About this exercise: Please return the lines below verbatim, beginning at the one that has "this 1280×1440 image." and stopping after the one that has "Some of the words", and add no other lines.

Recorded data:
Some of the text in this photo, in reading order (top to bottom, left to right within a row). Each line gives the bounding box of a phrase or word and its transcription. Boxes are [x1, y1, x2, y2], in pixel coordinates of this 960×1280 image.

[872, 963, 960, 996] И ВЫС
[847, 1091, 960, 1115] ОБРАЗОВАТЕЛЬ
--
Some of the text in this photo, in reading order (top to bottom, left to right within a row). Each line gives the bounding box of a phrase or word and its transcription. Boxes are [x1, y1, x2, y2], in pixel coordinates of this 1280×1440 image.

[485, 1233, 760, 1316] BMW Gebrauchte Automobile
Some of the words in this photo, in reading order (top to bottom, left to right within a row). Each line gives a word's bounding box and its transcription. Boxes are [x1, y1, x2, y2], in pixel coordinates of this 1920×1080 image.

Your solution:
Some of the text in this photo, in reading order (top to bottom, left to right within a row). Each line gives the bounding box of a phrase or word and its transcription. Boxes are [x1, y1, x2, y2], in pixel coordinates of this 1280×1440 image.

[485, 1233, 760, 1316] BMW Gebrauchte Automobile
Some of the words in this photo, in reading order (top to bottom, left to right within a row). Each line gives a word's bounding box and its transcription. Boxes are [x1, y1, x2, y2], in pixel coordinates of this 1920×1080 image.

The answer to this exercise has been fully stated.